▶ **DIRECTIONS**: Write out the data again exactly, skipping every picture.

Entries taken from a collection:
□ □ □ □
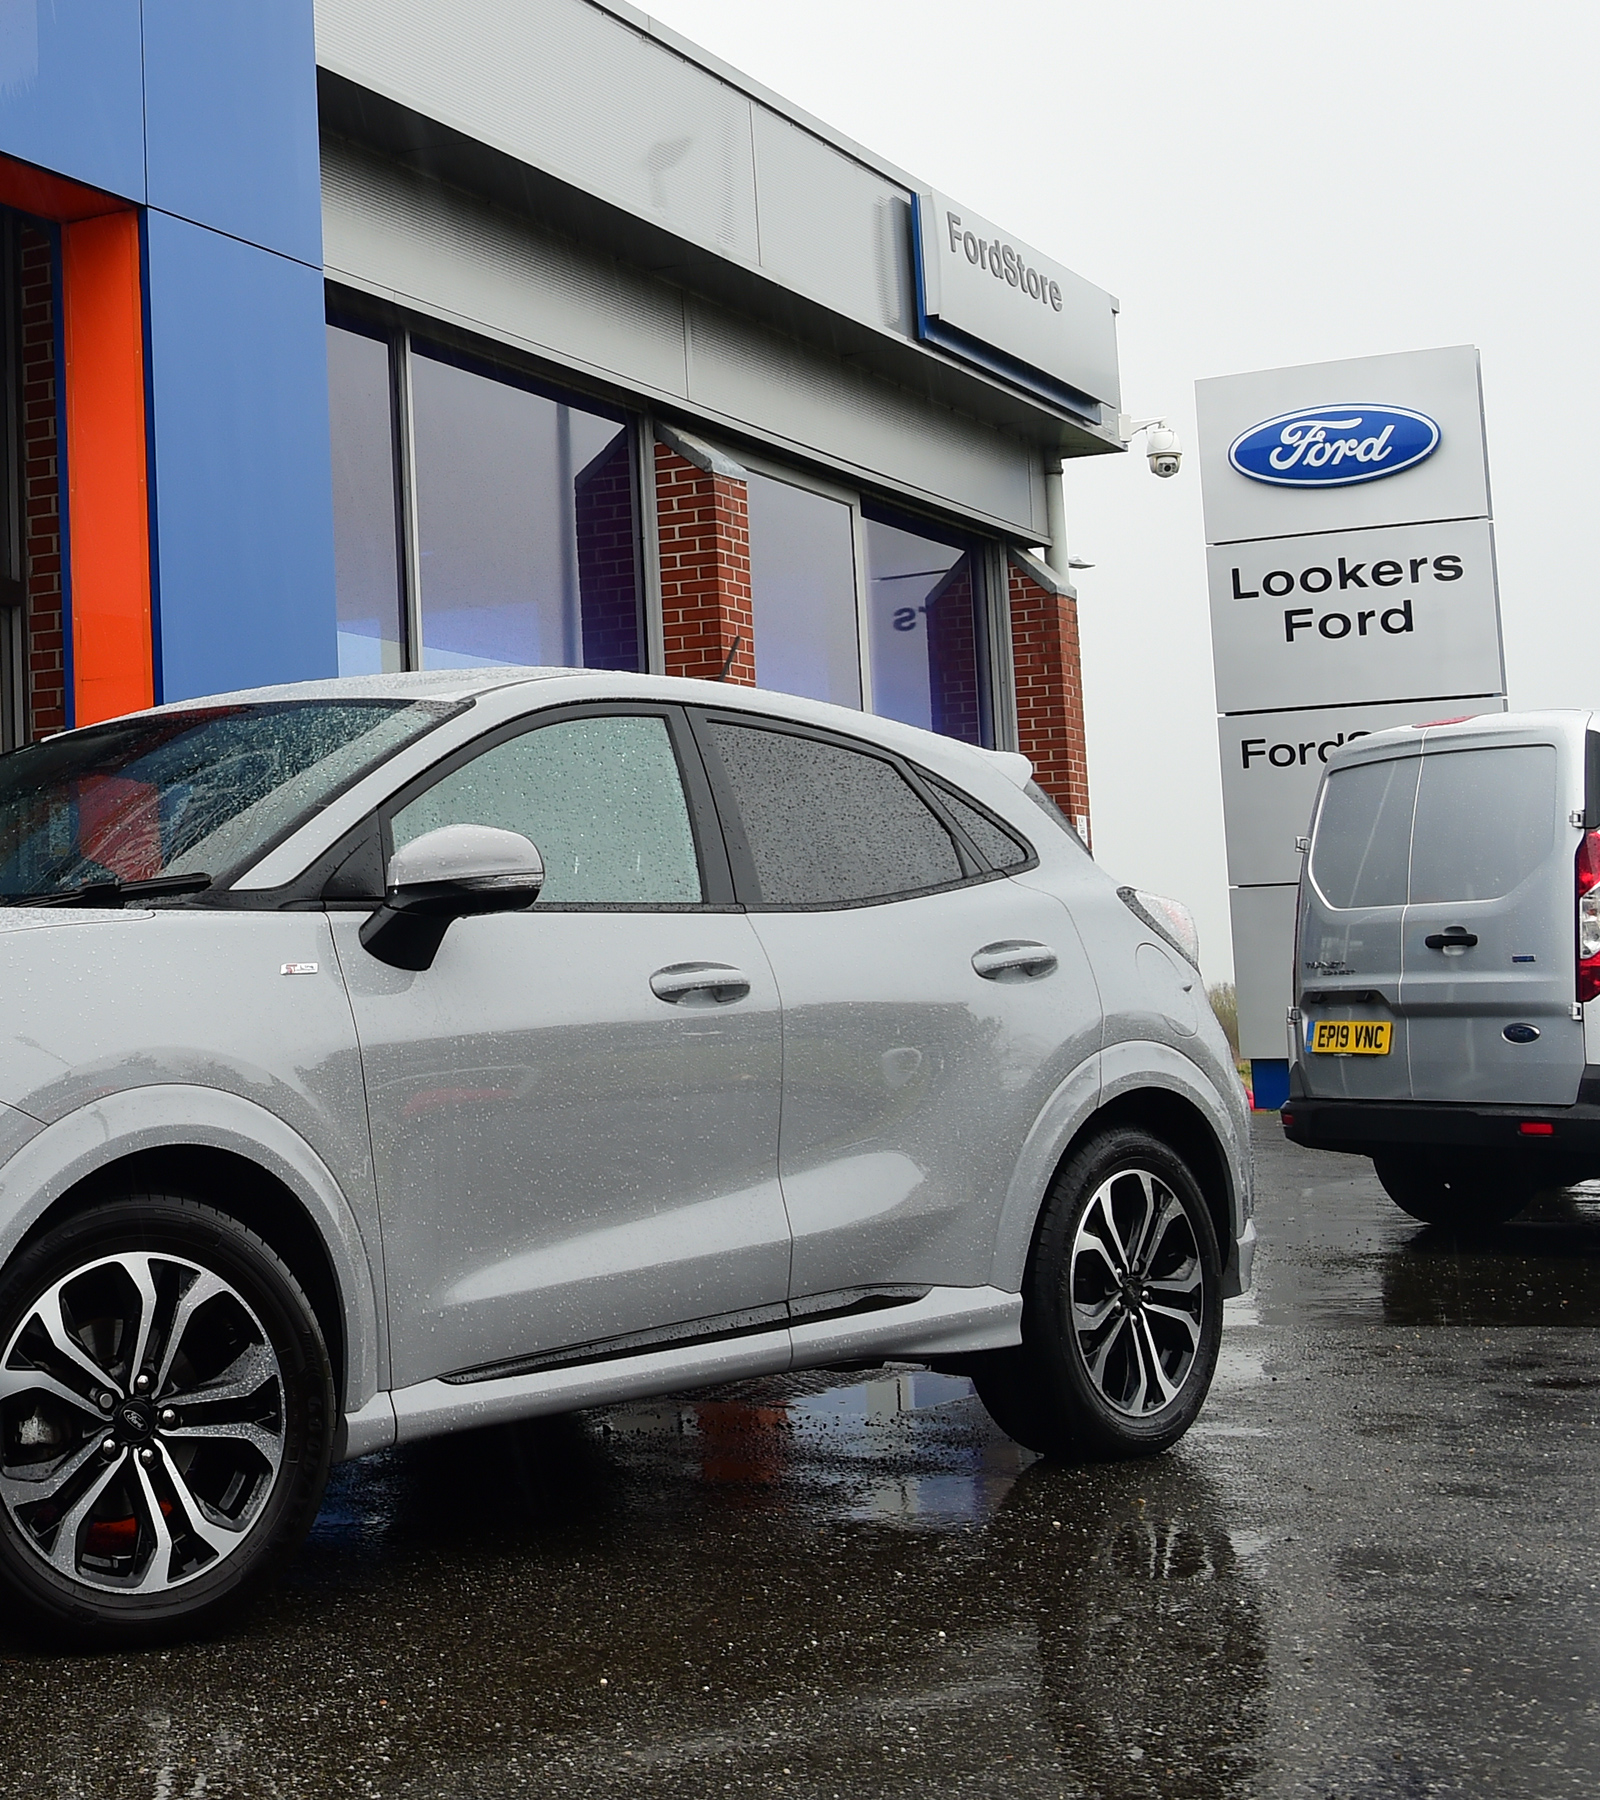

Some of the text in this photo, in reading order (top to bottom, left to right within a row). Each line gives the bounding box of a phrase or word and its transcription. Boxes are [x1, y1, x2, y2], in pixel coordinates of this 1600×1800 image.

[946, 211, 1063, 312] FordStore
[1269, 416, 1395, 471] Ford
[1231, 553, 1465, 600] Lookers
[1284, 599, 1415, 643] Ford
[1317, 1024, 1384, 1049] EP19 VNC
□ □ □ □
▶ **TASK SOLUTION**:
Some of the text in this photo, in reading order (top to bottom, left to right within a row). Each line gives the bounding box of a phrase or word and its transcription. Boxes are [x1, y1, x2, y2], in pixel coordinates of this 1600×1800 image.

[946, 211, 1063, 312] FordStore
[1269, 416, 1395, 471] Ford
[1231, 553, 1465, 600] Lookers
[1284, 599, 1415, 643] Ford
[1317, 1024, 1384, 1049] EP19 VNC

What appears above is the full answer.